Hydrogen is an alternative to fossil energy sources, but its storage remains a key issue for the high scale deployment of fuel cell applications. Composite overwrapped pressure vessels represent a reliable technology, thanks to the high specific mechanical properties and low weight of carbon fibres. To address the topic of the thermomechanical behaviour of these structures in the case of accidental events like a fire exposure, a wide experimental campaign has been performed at the sample scale (±45° (EC45), 90° (EC90) and quasi-isotropic (ECiso) samples). These samples have been exposed to different heat fluxes and stopped at different characteristic times. Finally, residual mechanical properties are characterized by tensile tests [1]. The evolution of the longitudinal modulus of elasticity shows that the energy density is the main factor leading to the mechanical degradation, provided that the sample has undergone an inflammation and transformed to char. In a second step, to characterize the kinetics of damage during a coupled loading involving both a mechanical load and a fire exposure, a specific test device was developed. This device combines a mechanical testing machine submitting specimen to 4 points bending creep under controlled displacement and a cone calorimeter as a heat source. This set-up aims to analyze the mutual influence of a mechanical stress and degradation modes of the resin.

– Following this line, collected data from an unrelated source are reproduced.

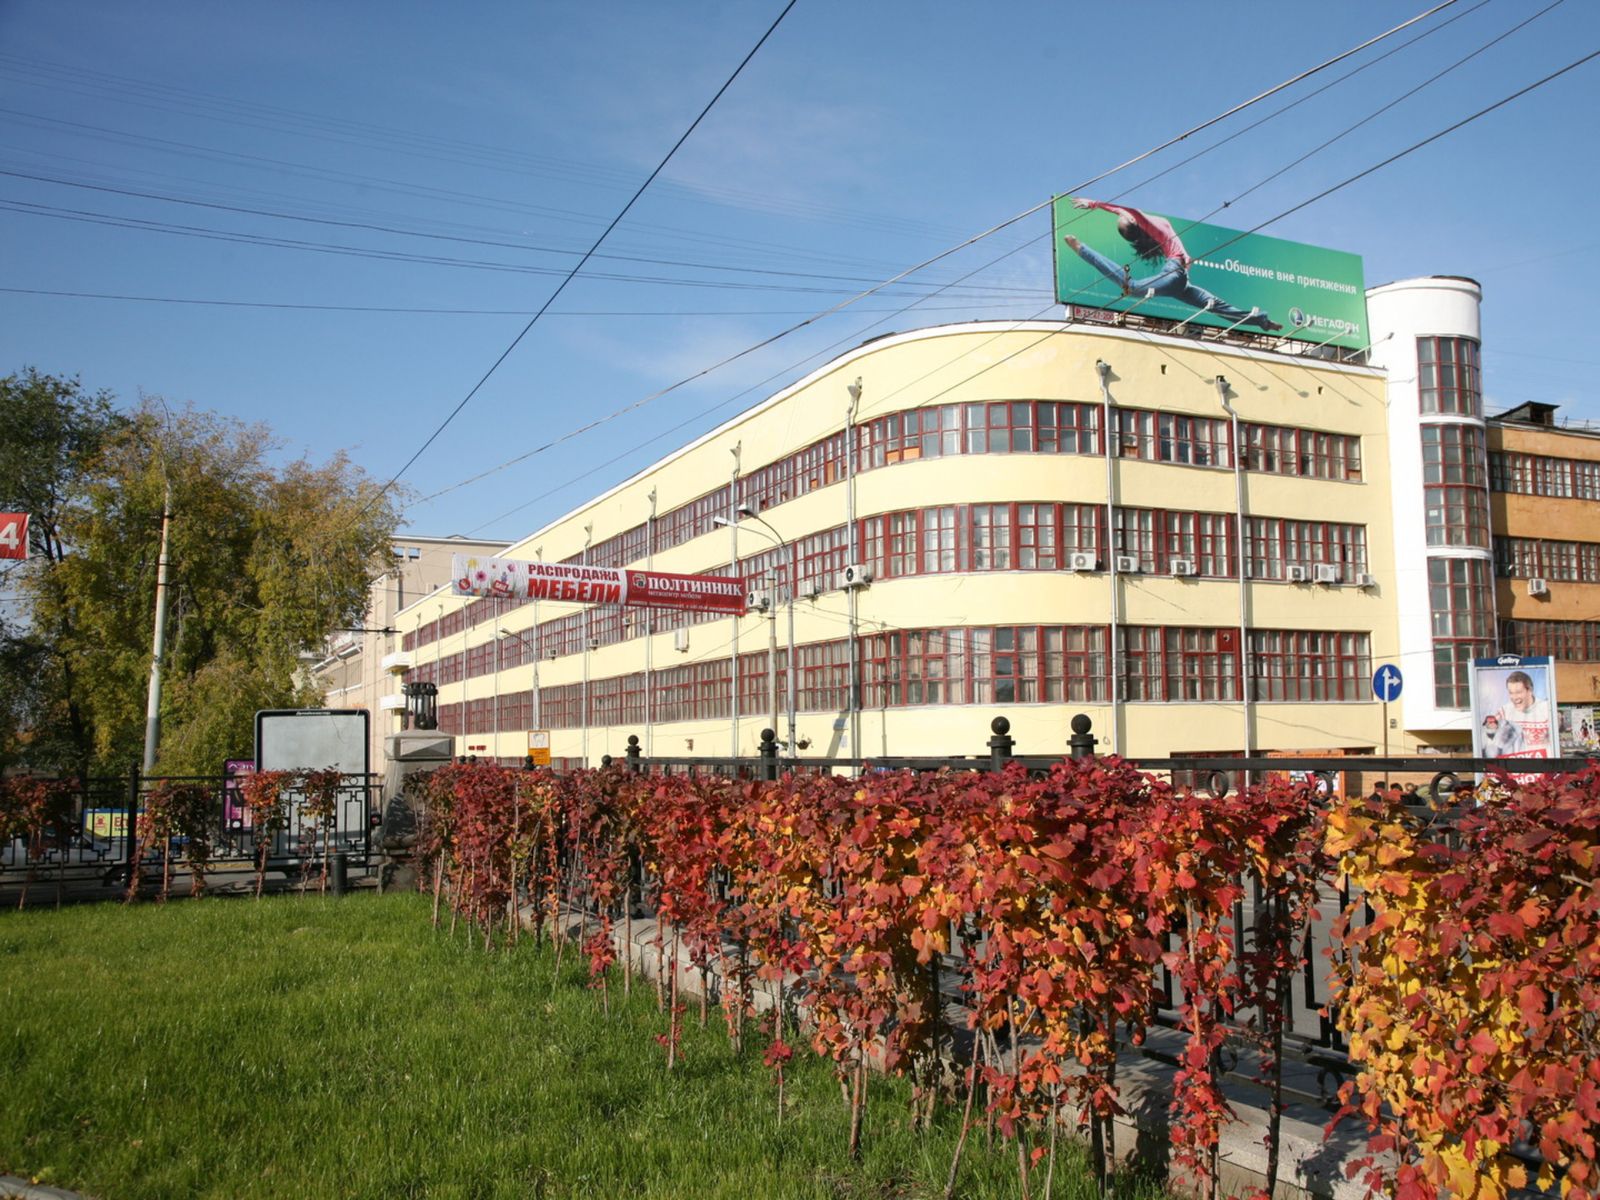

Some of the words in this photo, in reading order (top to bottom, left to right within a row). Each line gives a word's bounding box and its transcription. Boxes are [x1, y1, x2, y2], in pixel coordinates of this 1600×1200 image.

[1276, 270, 1295, 283] вне
[1297, 275, 1357, 294] притяжения
[0, 522, 20, 550] 4
[528, 563, 620, 582] РАСПРОДАЖА
[527, 577, 621, 604] МЕБЕЛИ
[647, 577, 743, 597] ПОЛТИННИК

The study presented in this communication aims to model the thermomechanical behaviour using microplan model [2]. This model considers the anisotropic damage, friction sliding and will be improved by introducing temperature effect. Char thickness will be considered as completely damaged area. The friction sliding is considered as plasticity mechanism. The results are compared to experimental data from a tensile and 4 points bending test campaign performed on samples under different thermal conditions.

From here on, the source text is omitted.